AppCenter provides the following capabilities:
For IT, It provides a visual, GUI & standards-based app building and configuration experience where personas like data scientists, analysts and developers can easily, quickly and seamlessly build, configure, deploy and share big data apps. AppCenter services include a web based portal to deploy and consume apps, common services like authentication, data access, user interface, visualization and app building API’s and SDK and RESTful API’s.
For Business, it speeds up the process of pervasively deploying & benefiting from big data analytics.
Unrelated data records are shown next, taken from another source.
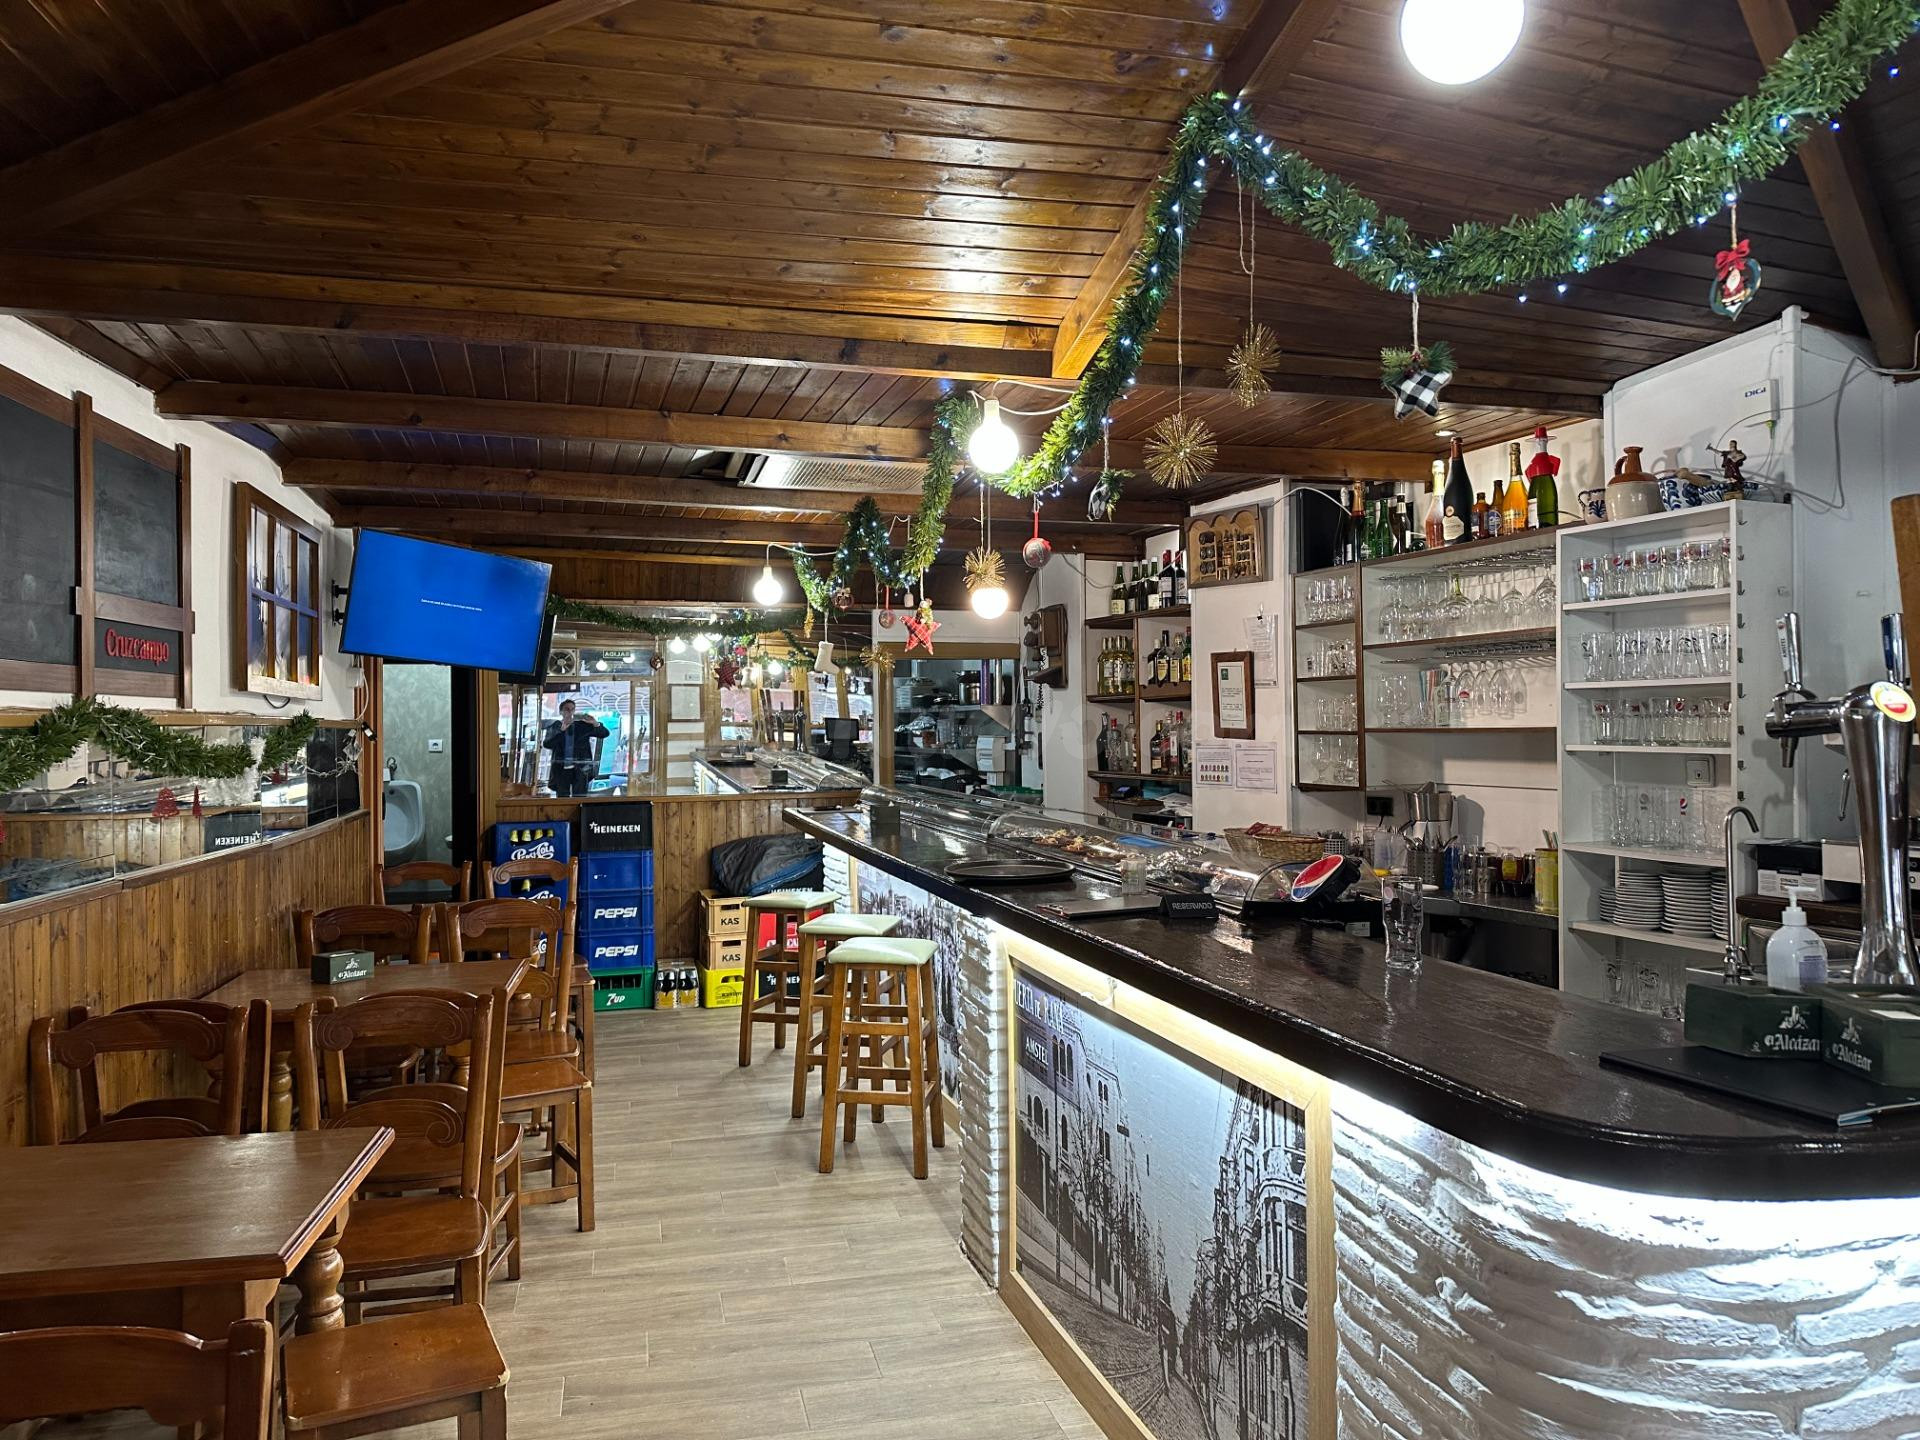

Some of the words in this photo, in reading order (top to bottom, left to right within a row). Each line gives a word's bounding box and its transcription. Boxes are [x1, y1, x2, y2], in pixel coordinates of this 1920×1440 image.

[1744, 387, 1766, 398] DIGI
[105, 627, 170, 667] Cruzcampo
[593, 824, 641, 834] HEINEKEN
[1171, 902, 1213, 910] RESERVADO
[594, 907, 638, 919] PEPSI
[720, 917, 740, 926] KAS
[594, 945, 639, 957] PEPSI
[722, 953, 741, 962] KAS
[607, 992, 625, 1006] 7UP
[1025, 1035, 1049, 1067] AMSTEL
For business users & analysts, it provides an interactive, visual, web based experience to analyze, view & share the results of big data apps helping organizations innovate with powerful big data insights.
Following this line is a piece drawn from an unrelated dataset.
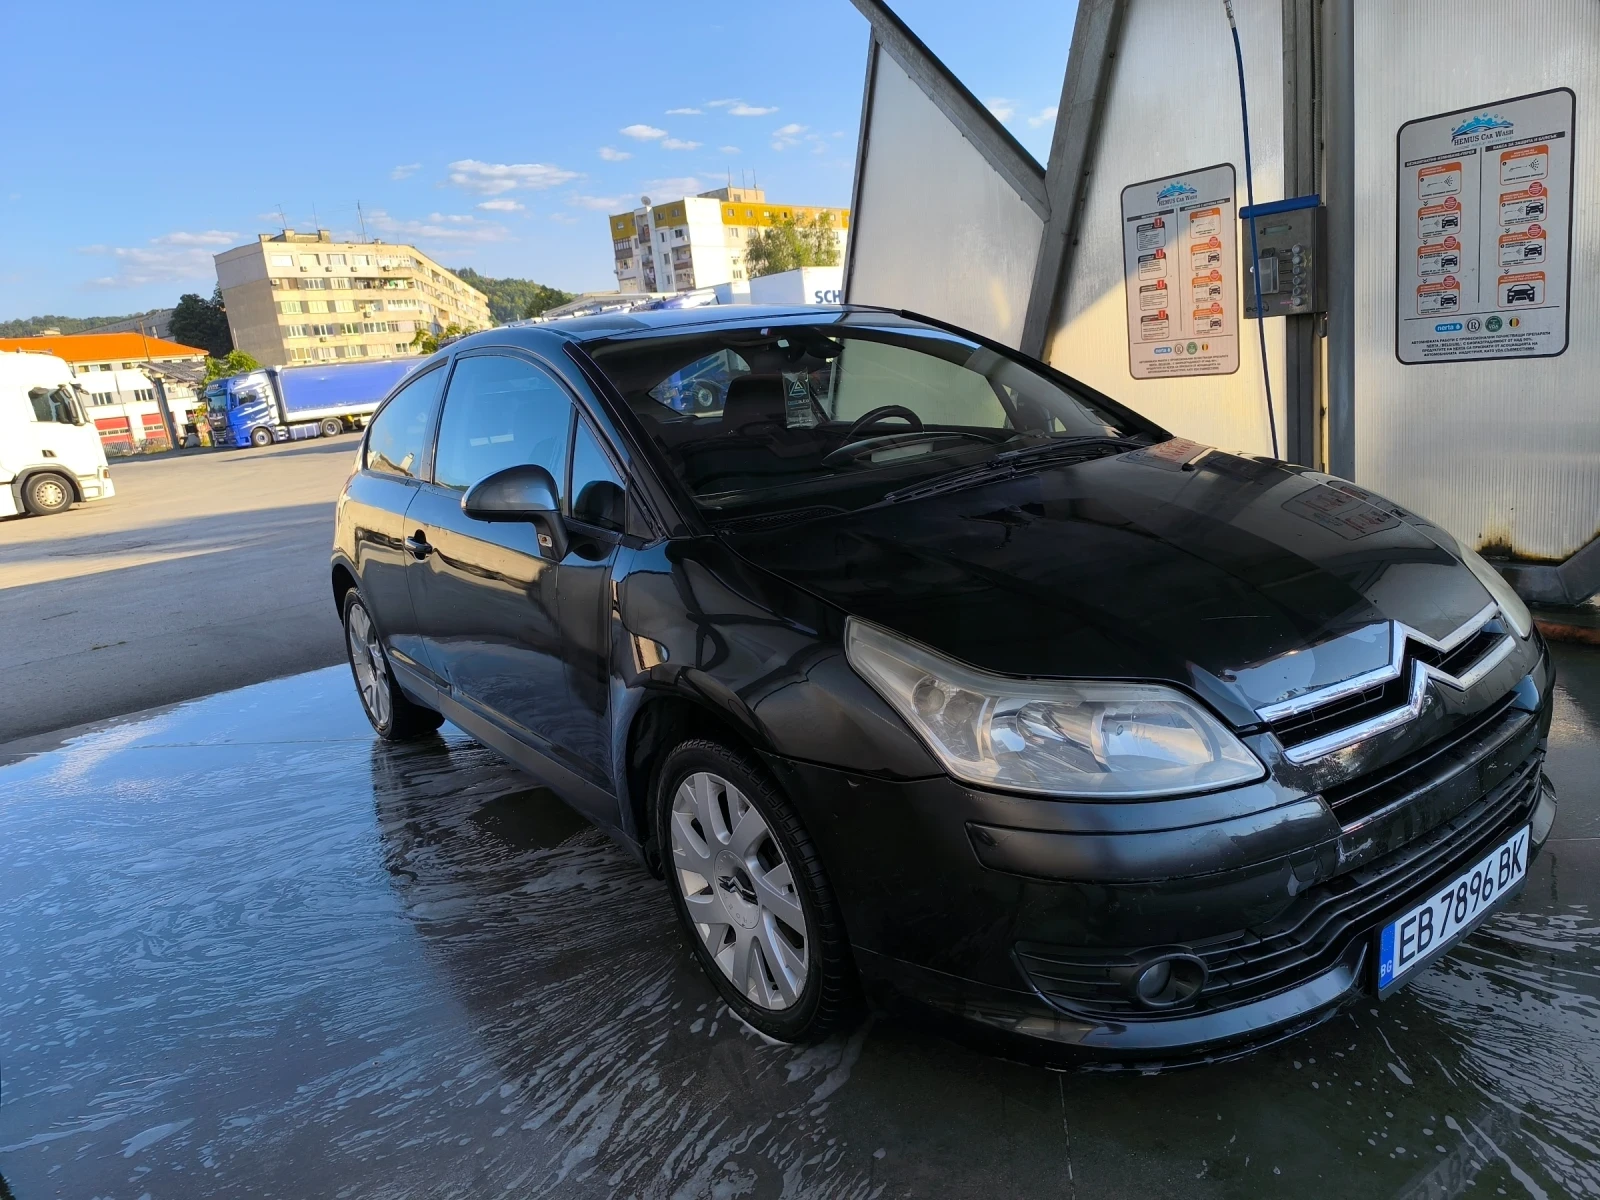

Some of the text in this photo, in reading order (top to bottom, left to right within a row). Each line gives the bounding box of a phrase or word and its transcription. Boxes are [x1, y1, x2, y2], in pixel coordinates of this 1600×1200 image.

[1398, 834, 1524, 967] EB 7896 BK
[1380, 959, 1392, 977] BG
While initially specific to Aster, this approach of Restful API based integration of end-user access tools and applications will drive future capabilities for interacting with all components of the UDA.
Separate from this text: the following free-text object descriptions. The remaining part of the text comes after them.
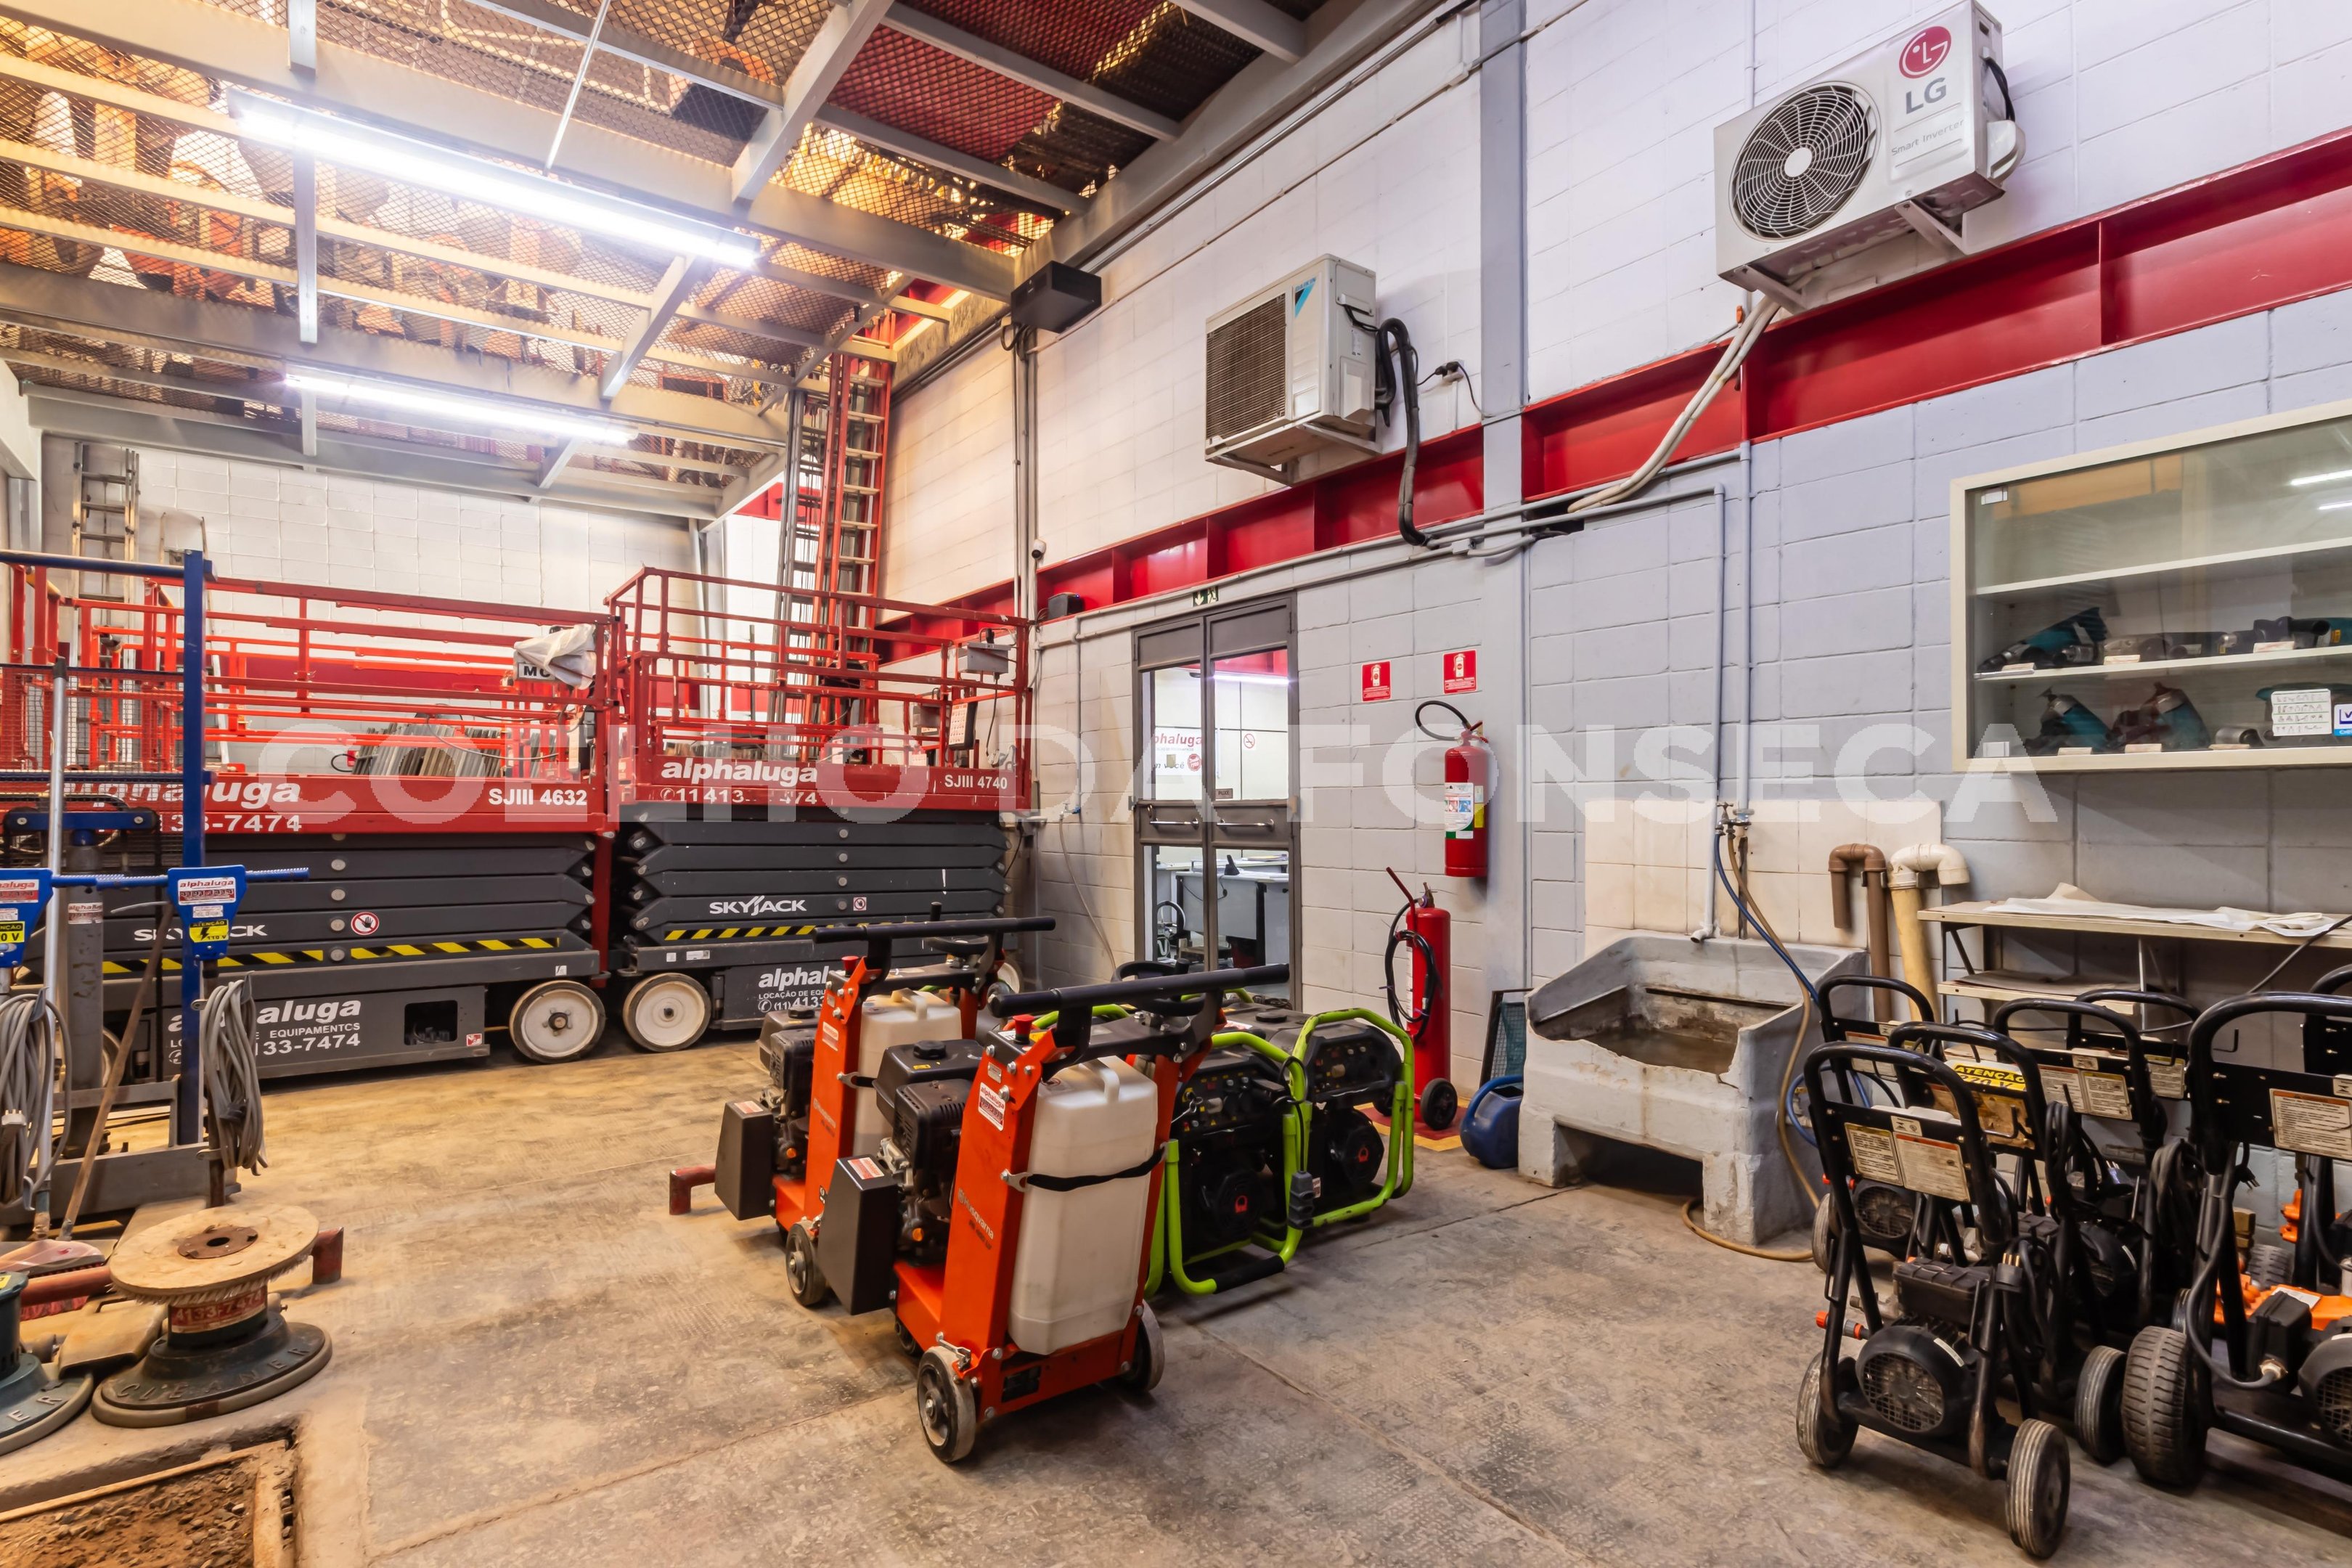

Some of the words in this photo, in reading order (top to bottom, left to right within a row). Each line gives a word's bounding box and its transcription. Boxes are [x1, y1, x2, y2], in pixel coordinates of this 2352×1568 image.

[1906, 77, 1947, 115] LG
[1891, 139, 1919, 156] Smart
[1922, 119, 1964, 142] Inverter
[661, 758, 817, 787] alphaluga
[944, 775, 973, 788] SJIII
[977, 776, 1008, 790] 4740
[489, 788, 534, 805] SJIII
[540, 790, 587, 806] 4632
[709, 895, 807, 916] SKYJACK
[12, 932, 20, 941] V
[759, 990, 796, 1000] LOCAÇÃO
[774, 1001, 791, 1010] (11)
[1954, 1066, 2026, 1084] ATENÇÃO
[981, 1087, 1005, 1110] alphaluga
[963, 1196, 994, 1240] Husqvarna
[116, 1347, 310, 1401] CLEANER
Lightweight distributed RESTful endpoint for a message or messages;
Validate API key for all messages sent;
All messages sent get a UUID;
All messages are wrapped with a lightweight metadata envelope and sent to the Firehose.
Future state can be rate limited.
Handling traffic spikes gracefully is a critical ability of a modern data ingestion platform. This is especially true of a self-service data ingestion platform. We are leveraging Apache Kafka as a distributed write ahead log in order to help satisfy the need to handle bursts of data flowing through the system as well as smooth operation through updates, failovers and other anomalies. Because Kafka supports partitioned topics we can support horizontal scaling for our Firehose and individual Streams. Adding capacity for any topic is as simple as ensuring an adequate number of running Kafka nodes and making a configuration change to add a new partition.
Using a write ahead log as our data bus allows us to have a great deal of asynchronicity between writers and readers. Kafka holds history of a topic for a configurable amount of time and/or space. If the applications reading data from the topic fail or are unavailable for any reason there is no impact to upstream parts of the system. This gives us a way to build up "pressure" in a very recoverable way. As a system we measure the volume of data flowing through the various parts of our system and with that information we can adjust resources to where it is most needed such as adding another node for the Router application if we notice the Firehose is being written to consistently faster than it is being read from.
The application responsible for reading data from the Firehose and sorting it into its relevant Streams is the Router. The Router is built on Apache Spark and is thus horizontally scalable. Determining what Streams an event will land in depends on a set of rules which are managed through the Application Services. Initially these rules are static and the events are grouped into Streams based on the API key used to send them to the Ingest Services. In the future we plan to support more advanced options for grouping streams.